Hay una coherencia notable en la forma en que viven los recolectores de retorno inmediato. Los! Kung San de Botswana, los aborígenes que viven en el interior de Australia, las comunidades en zonas remotas de la selva amazónica… En todas ellas, compartir no solo se fomenta; es obligatorio. Acumular u ocultar alimentos, por ejemplo, se considera un comportamiento profundamente vergonzoso. Porque los grupos humanos tienden a responder al exceso y almacenamiento de alimentos con un comportamiento como el observado en los chimpancés: mayor organización social jerárquica, violencia intergrupal, defensa del perímetro territorial y alianzas maquiavélicas.

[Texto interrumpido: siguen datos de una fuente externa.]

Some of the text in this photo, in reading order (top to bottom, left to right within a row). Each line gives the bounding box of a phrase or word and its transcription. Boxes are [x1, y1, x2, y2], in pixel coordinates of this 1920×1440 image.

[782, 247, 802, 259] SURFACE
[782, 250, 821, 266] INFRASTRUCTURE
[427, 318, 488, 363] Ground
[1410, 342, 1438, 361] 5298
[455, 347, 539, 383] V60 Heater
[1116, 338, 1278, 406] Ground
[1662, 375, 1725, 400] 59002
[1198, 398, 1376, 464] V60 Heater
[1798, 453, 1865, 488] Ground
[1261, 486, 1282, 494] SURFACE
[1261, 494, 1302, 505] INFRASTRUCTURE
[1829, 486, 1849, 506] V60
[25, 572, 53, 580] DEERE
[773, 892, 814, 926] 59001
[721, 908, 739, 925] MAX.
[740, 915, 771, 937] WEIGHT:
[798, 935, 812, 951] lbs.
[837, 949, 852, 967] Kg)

Las posesiones sirven para establecer alianzas, y las alianzas, la sociabilidad, fue lo que dio lugar a
la resolución de problemas más sofisticadas con el tiempo. «La pobreza no es una cierta pequeña cantidad de bienes, ni es solo una relación entre medios y fines; sobre todo es una relación entre personas. La pobreza es un estado social. Como tal, es la invención de la civilización», explica en su libro clásico «Economía de la edad de piedra», el antropólogo Marshall Sahlins.

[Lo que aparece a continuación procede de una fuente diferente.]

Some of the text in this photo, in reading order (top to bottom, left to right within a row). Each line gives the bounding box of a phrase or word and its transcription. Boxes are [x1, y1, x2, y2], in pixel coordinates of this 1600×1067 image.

Porque las sociedades de caza y recolección tienen sus propios tipos de miserias: las que acompañan la periódica escasez severa, la susceptibilidad a una gran cantidad de infecciones y enfermedades, altas tasas de mortalidad infantil… Por eso, mantienen un constante acoso y amenaza para forzar el intercambio y envidias y celos dirigidos hacia aquellos que acumulan o no aceptan las normas comunitarias. Un anciano bosquimano le pidió una manta al antropólogo Richard Lee, y éste le respondió que se la regalaba. El anciano respondió:
«Toda mi vida he estado dando, dando; hoy soy viejo y quiero algo para mi mismo».
Con la evidencia más temprana de agricultura que data de aproximadamente 8000 a.C., la cantidad de tiempo que nuestra especie ha pasado viviendo en sociedades agrícolas establecidas representa solo el 5% de nuestra experiencia colectiva. El resto del tiempo de nuestra especie, evolucionamos en pequeños grupos sociales como éstos.
El tiempo profundo es el tiempo biológico. Un estudio de la universidad de Stanford de julio de 2016, demostró que el 30% de las adaptaciones de nuestras proteínas, desde que los humanos nos separamos de los primates, han sido provocadas por virus.
Y también el tiempo geológico, la cronología del subsuelo que se mide «en unidades que reducen a la nada el instante de la humanidad: épocas y eones, en vez de minutos y años». explica Robert Macfarlane en «Bajotierra».